With the support comes lots of criticism, with detractors saying Fitzgerald is thin-skinned and long-winded to a master manipulator.
"Chief Fitzgerald will look at you dead in your face and tell you a lie. He will tell you a lie so convincing," Dr. Michael Bell said.
Some supporters also highlighted flaws, saying he hasn't connected with the community well and he doesn't understand the political side of the job, getting out in front of conflict.
"You have to have some PR people or some skills to sort of manage that perception in the overall community and I don't think he's done a good job of that here," Hudson said.
During a panel with community and religious leaders and current and former officers, the group denied his success with community policing and race relations.
"His only job was to make things better in the police department racially between the police department, officers and black community and he made it worst. During this time he did not come up with any policing ideas that I can give you an example that would make this man qualified to be your next chief," Fitchett said.
"Fitzgerald was alienated not only with the police officers but members, by and large, with the black community. The morale on the police department is the lowest I've seen in 18 years. He's fiscally incompetent, he has ran the budget into the dirt," said Vance Keys, a Police Captain in Fort Worth.
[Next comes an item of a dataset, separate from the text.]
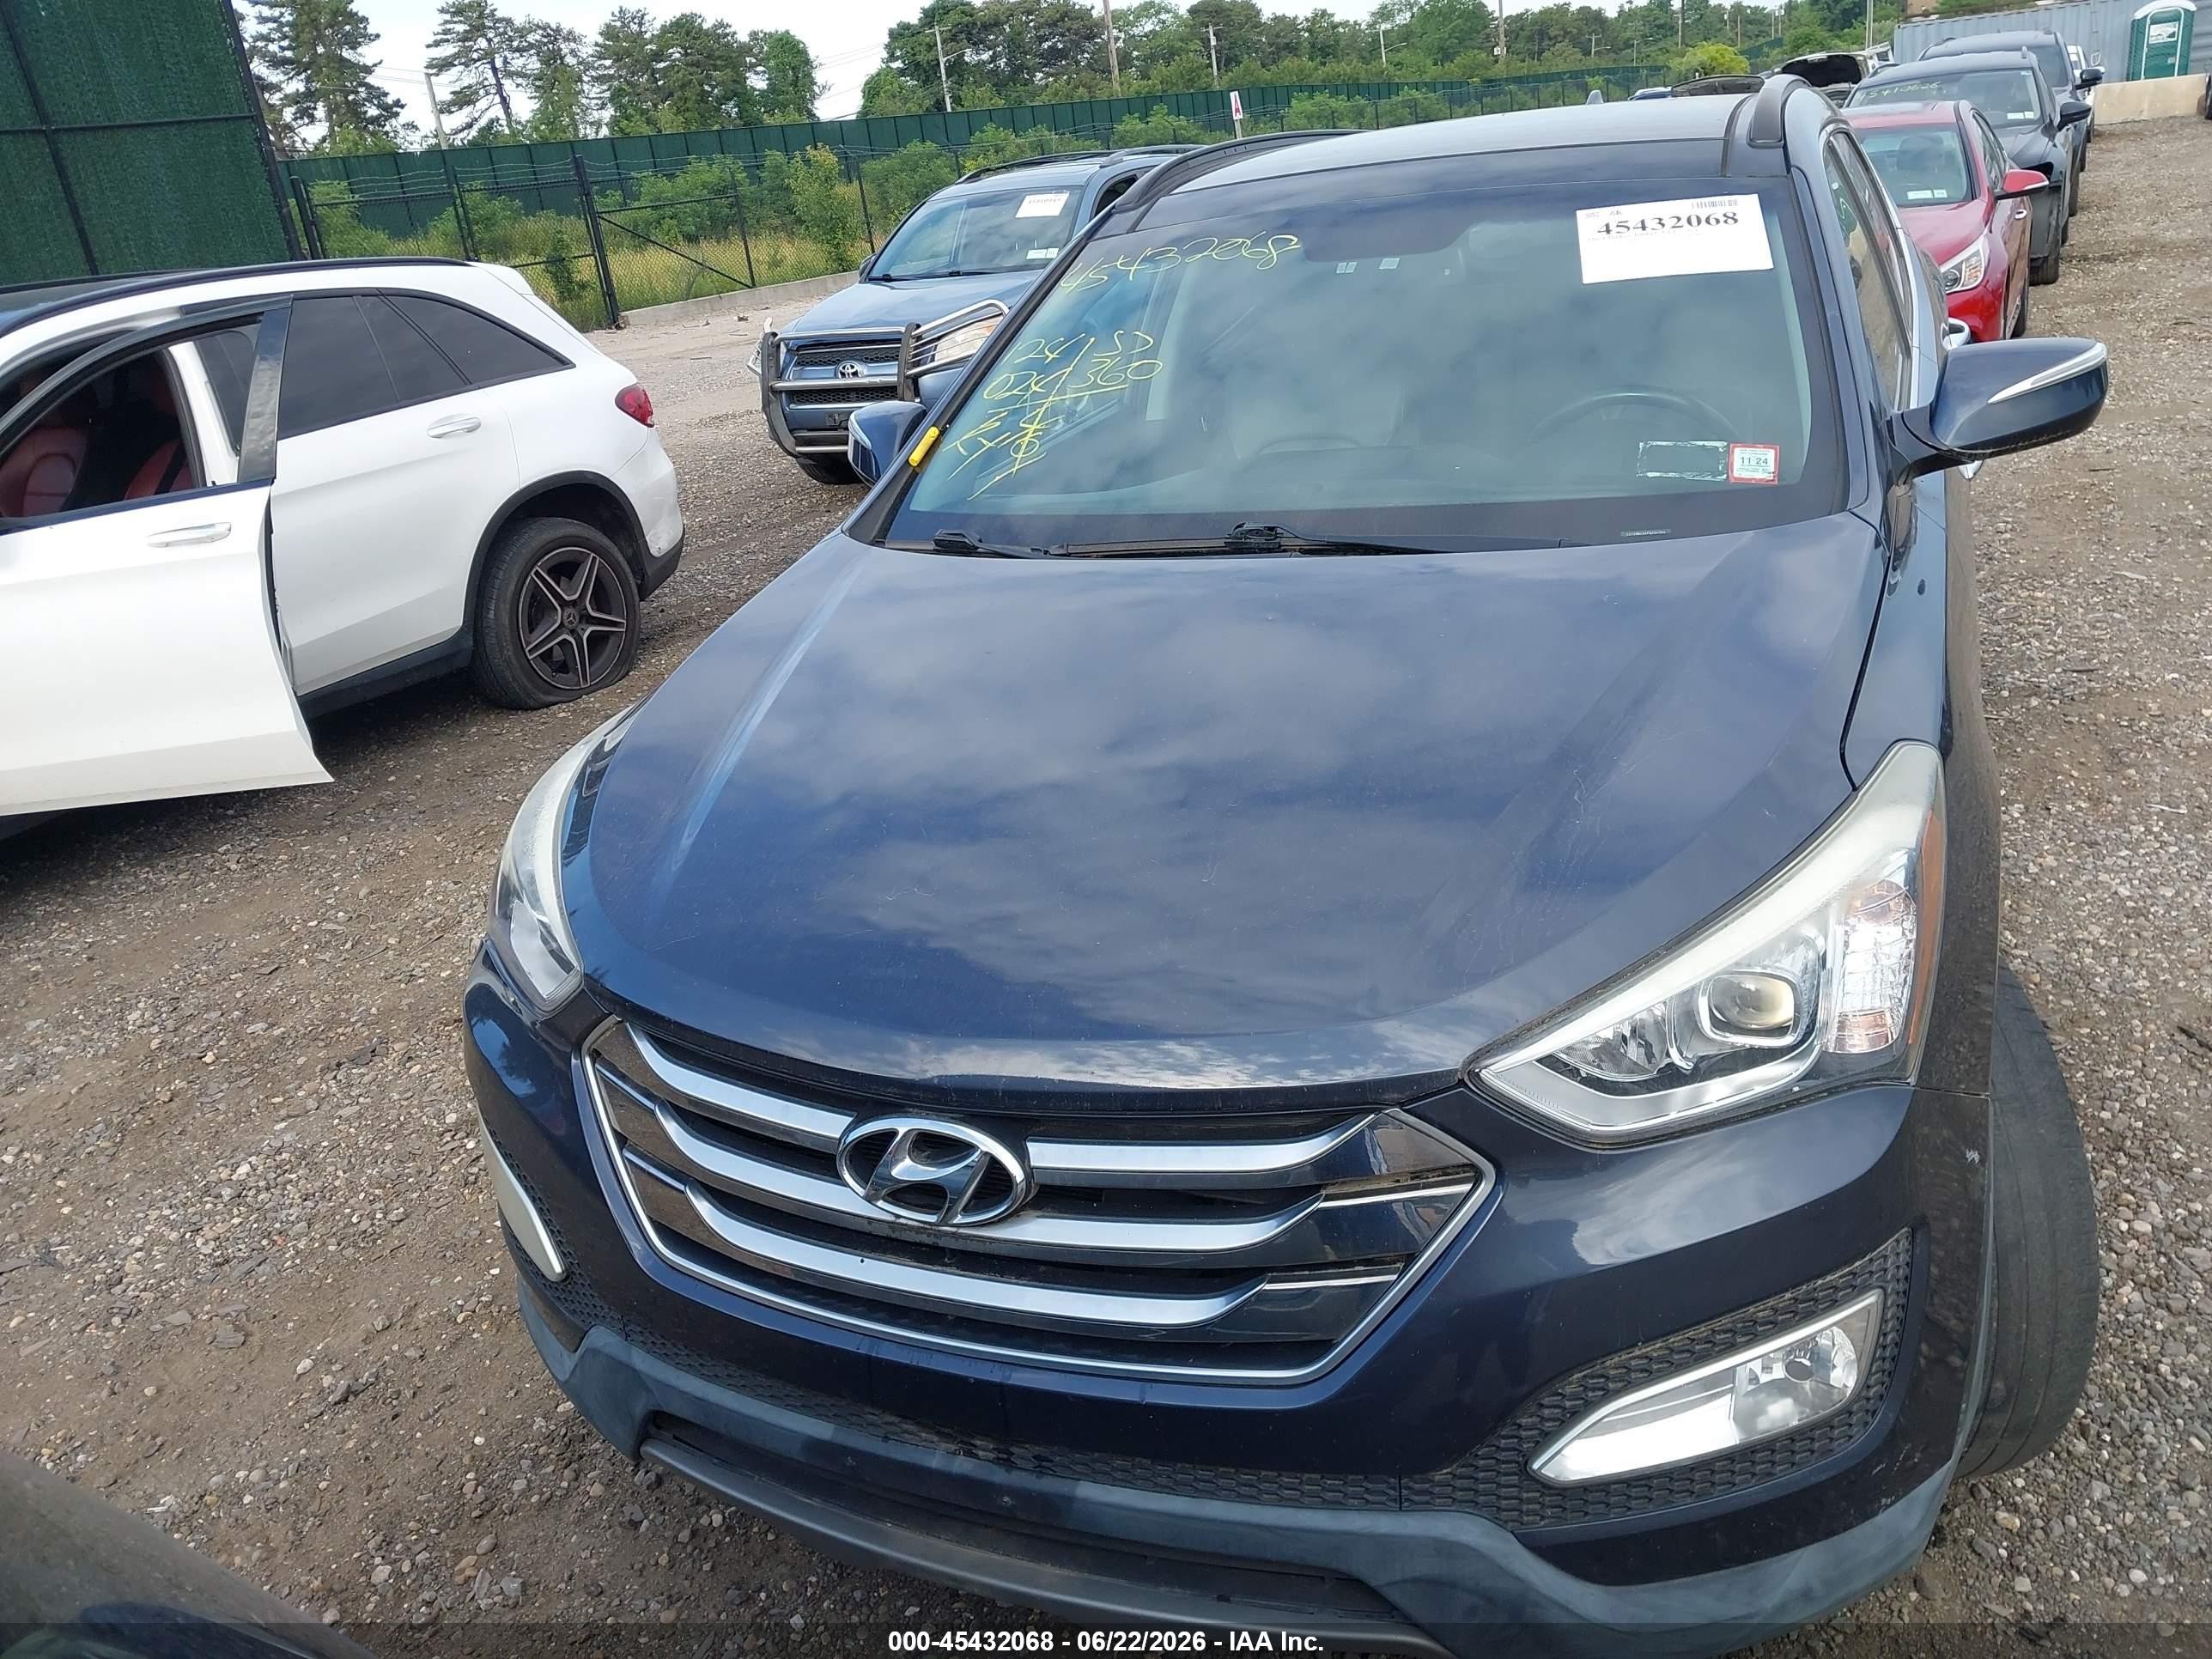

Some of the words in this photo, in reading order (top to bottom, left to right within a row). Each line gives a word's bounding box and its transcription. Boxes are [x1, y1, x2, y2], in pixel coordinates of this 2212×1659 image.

Fitzgerald demoted Keys and Keys says the chief has a history of mishandling internal affairs and officer discipline.
"We have officers who have gotten DWIs, 10 that are still working in this department. We have 11 officers that are under felony indictment that are 12 still employed," Keys said. "I think he's trying to escape. He's not leaving because he's done a great job in Fort Worth and it's time to move on; he's leaving because he's under pressure."
The City Council scheduled two public hearings ahead of their vote to confirm Fitzgerald. Saturday, Jan. 5 at 10 a.m. at City Hall the public is invited to give feedback about the nominee and next Monday, Jan. 7 at 5 p.m. at City Hall the city council will question Fitzgerald. Mayor Pugh is hosting community meet and greets with Fitzgerald on Sunday, 10:00 a.m. to 11:30 a.m. at the Jewish Community Center at 5700 Park Heights Avenue and 2:00 p.m. to 3:30 p.m. at Morgan State University’s Business Center at 4200 Hillen Road.
Prior to his nomination as Baltimore’s new Police Commissioner, Fitzgerald led the departments of Fort Worth, Allentown, Pa., and Missouri City, Texas. His law enforcement career began as a member of the Philadelphia Police Department.